Japan marks Hiroshima anniversary

Japan's prime minister, marking the 66th anniversary of the bombing of Hiroshima, said his country is "working toward a society with a reduced dependence on nuclear energy."

PM calls for reduced reliance on nuclear power

Saturday's ceremony marking the anniversary of the atomic bombing was held in front of the Hiroshima Peace Memorial, commonly called the Atomic Bomb Dome or A-Bomb Dome. (Kim Kyung-Hoon/Reuters)

Japan's prime minister, marking the 66th anniversary of the bombing of Hiroshima, said his country is "working toward a society with a reduced dependence on nuclear energy."

Naoto Kan used Saturday's memorial ceremony to touch on the subject of nuclear safety in light of radiation threats from the Fukushima Daiichi nuclear power plant, which was severely damaged in the massive quake and tsunami that hit northeastern Japan earlier this year.

"We will deeply reflect over the conventional belief that nuclear energy is safe, thoroughly look into the cause of the accident and — to secure safety — implement fundamental measures," he said.

Protesters shout slogans at an anti-nuclear march in Hiroshima on Saturday. (Kim Kyung-Hoon/Reuters)

Bombing survivors, dignitaries and residents attended the ceremony near the gutted Atomic Bomb Dome to observe a moment of silence, broken only by the ringing of a special peace bell.

About 140,000 people were killed or died within months when the American B-29 Enola Gay bombed the city on Aug. 6, 1945. Three days later, about 80,000 people died after the United States attacked Nagasaki.

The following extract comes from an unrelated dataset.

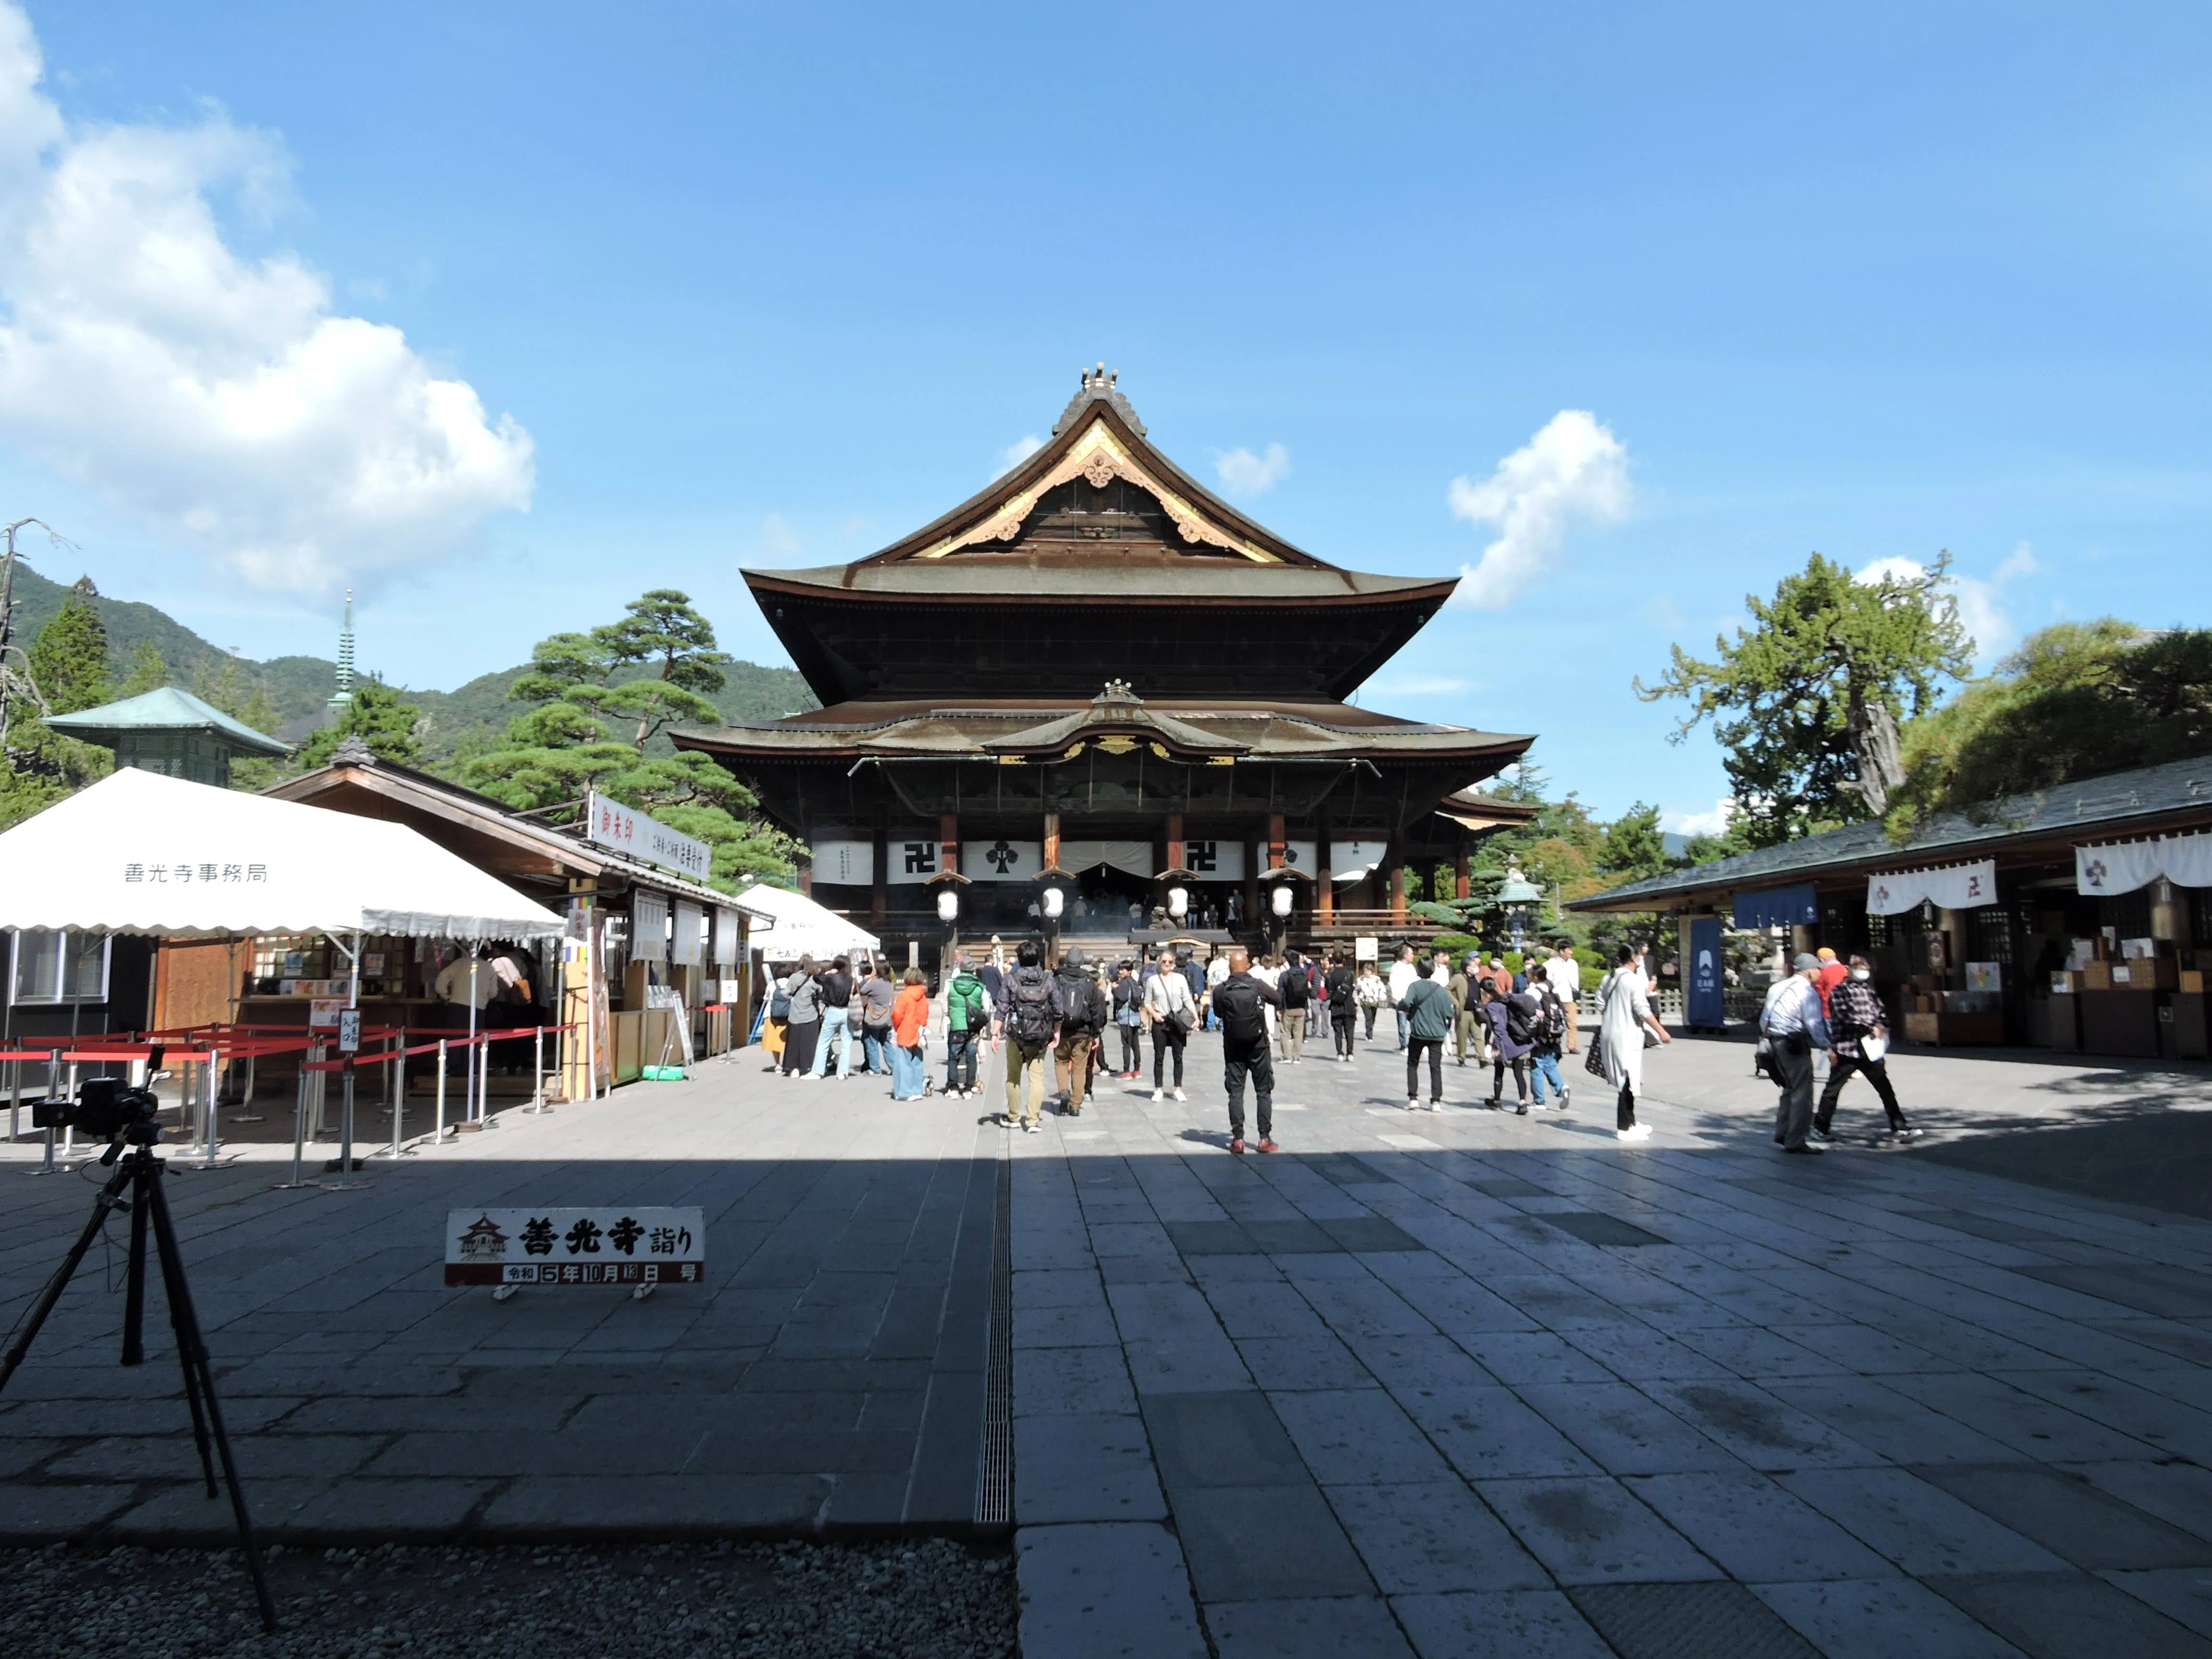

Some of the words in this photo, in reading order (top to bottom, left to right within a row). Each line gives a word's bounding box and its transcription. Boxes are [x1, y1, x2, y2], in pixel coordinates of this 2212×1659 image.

[601, 805, 633, 845] 御朱印
[124, 863, 267, 883] 善光寺事務局
[518, 1216, 692, 1256] 善光寺詣り

Japan surrendered on Aug. 15, ending the Second World War.

Hiroshima Mayor Kazumi Matsui, a son of an atomic bomb survivor, also spoke to the crowd about the crisis in Fukushima and called on the government to review its nuclear policy.

He said the crisis has traumatized the public and that Tokyo needed to act to regain public trust.

"Since the Fukushima Daiichi nuclear accident has occurred the continued and ongoing fear of radiation has generated anxiety among those in the affected area and many others," he said. "The trust the Japanese people once placed in nuclear power has been shattered."

Matsui stopped short of calling for a nation without nuclear power, while reiterating his pledge to work toward a world without atomic weapons.

Japan has long vowed never to make or possess nuclear weapons, but embraced nuclear power as it aimed to rebuild and modernize after the war.